- Nutch is a production ready web crawler that works in tandem with Apache Solr
Springshare's search API does search full text but it does not return the matching full text snippet. The full text snippet provides more context to the matched results and this is a feature requested by the Reference & Discovery Services team.
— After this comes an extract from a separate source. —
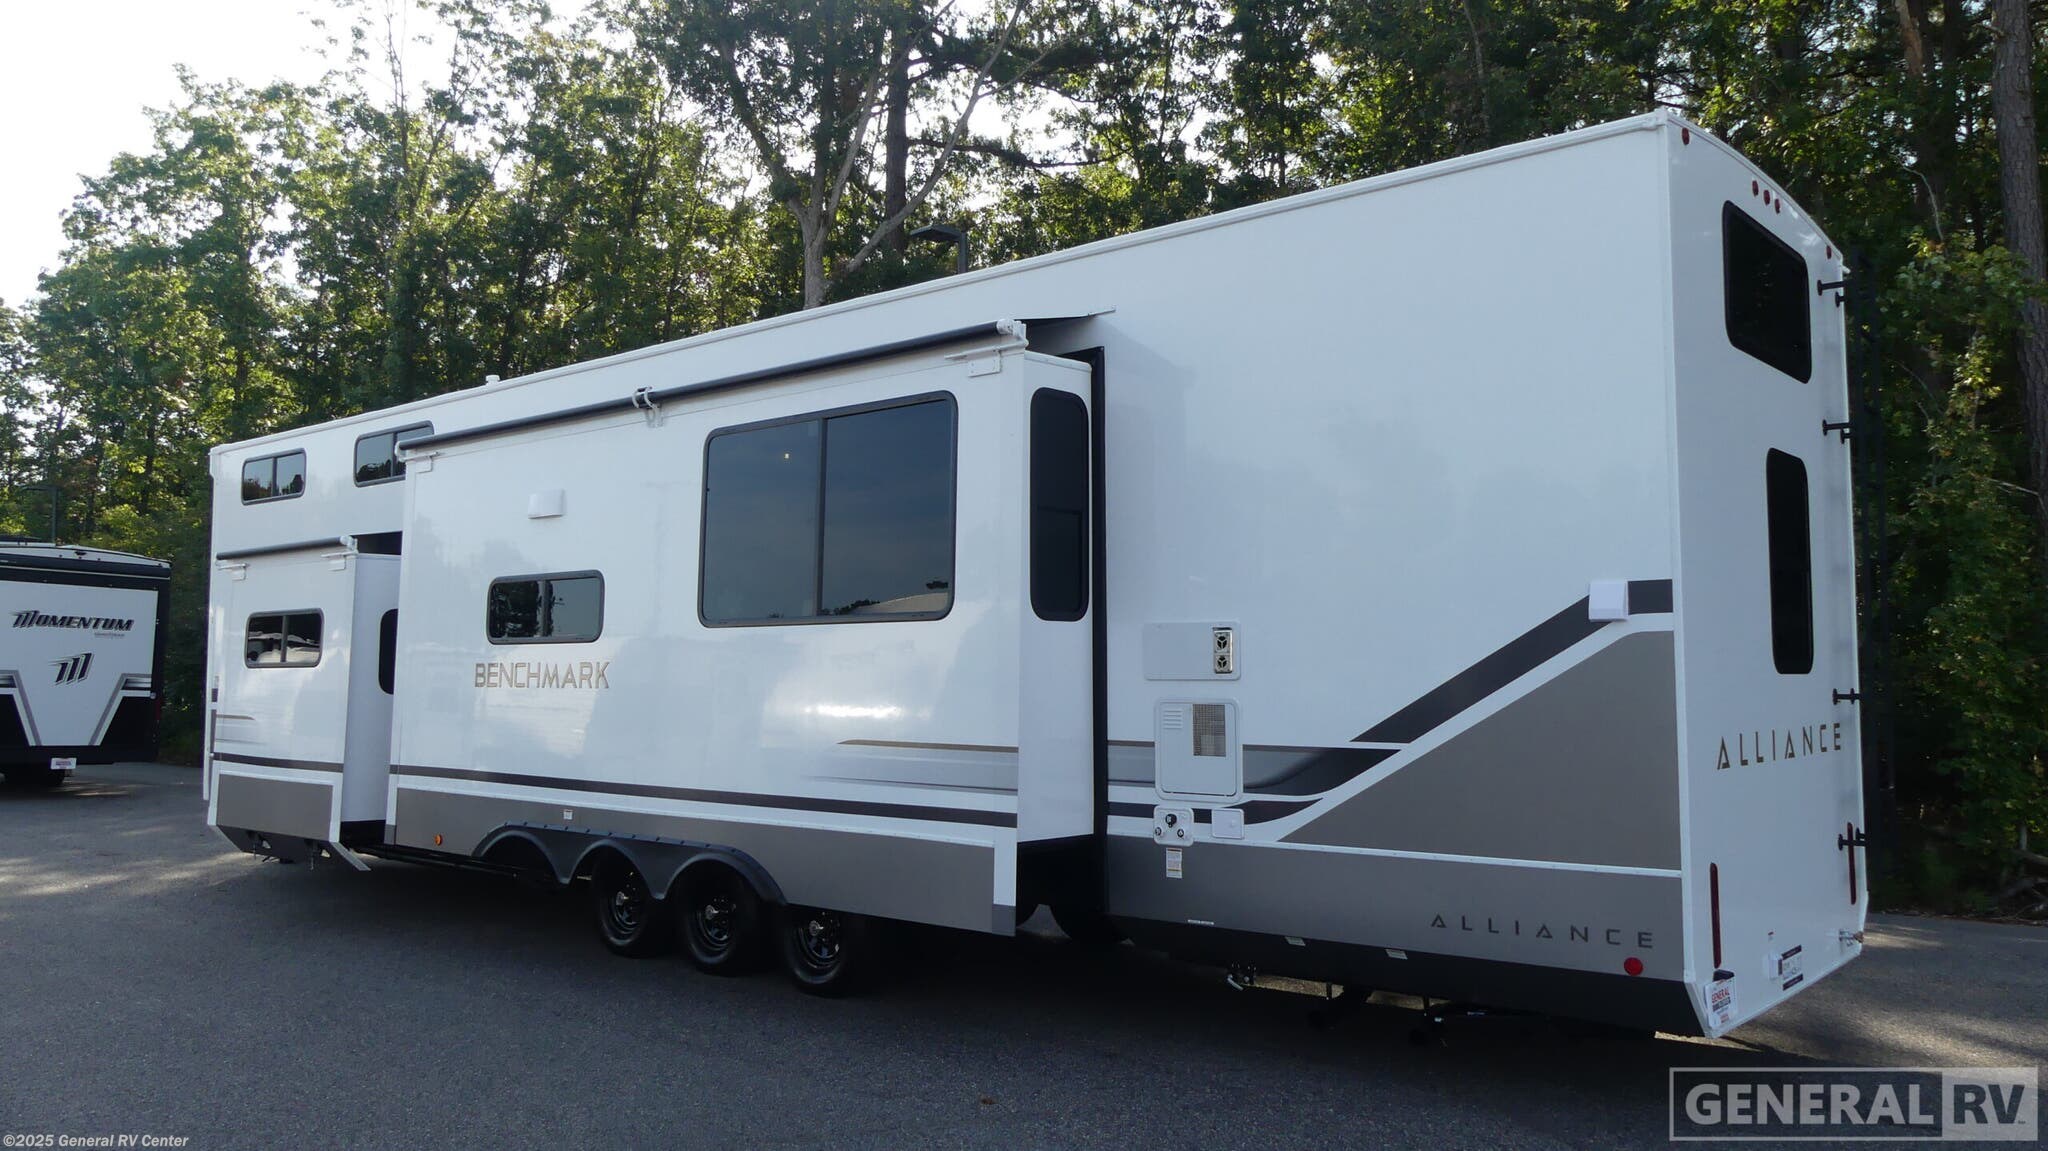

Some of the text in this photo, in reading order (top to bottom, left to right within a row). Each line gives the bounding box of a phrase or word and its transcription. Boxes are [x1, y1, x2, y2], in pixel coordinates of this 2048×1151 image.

[12, 610, 134, 631] MOMENTUM
[474, 661, 610, 689] BENCHMARK
[1716, 722, 1841, 770] ALLIANCE
[1430, 913, 1654, 949] ALLIANCE
- Docker is a containerization tool used for developing, packaging and running applications
- Install Docker on the host machine with the instructions outlined here
- Docker Swarm is a container orchestration tool which consists of multiple services on a given node
- A Docker host can be a manager or a worker node or both in some cases
- Initialize a node of 1 (where the manager and the worker are the same node)
docker swarm init
- Build the custom nutch image using
docker build ./ -t nutch:msul --no-cache
- Build the custom solr image using
docker build ./solr -t solr:msul --no-cache
- Deploy the Apache Nutch Application using
docker stack deploy -c docker-compose.yml nutch-tutorial
- Stop the Apache Nutch Docker stack using
docker stack rm nutch-tutorial
- Apache Nutch is a production ready web crawler to fetch, parse and index website data into Apache Solr
- Lifecycle of Apache Nutch crawl
Source: https://medium.com/@mobomo/the-basics-working-with-nutch-e5a7d37af231
- Seed: List of url's that are ready to be fetched and indexed
- Inject: Reads the list of url's from the seed file and add them to the list of pages to be crawled. This list is updated with additional metadata in the next steps of the lifecycle.
- Generate: Reads the list of injected url's and creates segments based on the eligibility of a page/url.
- Segment: Segment is a partition created, which contains the fetch list, content, and the parsed content. The content in segment varies at different stages of the lifecycle.
- Fetch: Reads the fetch list from the segments and requests the content for each of the url's in the list.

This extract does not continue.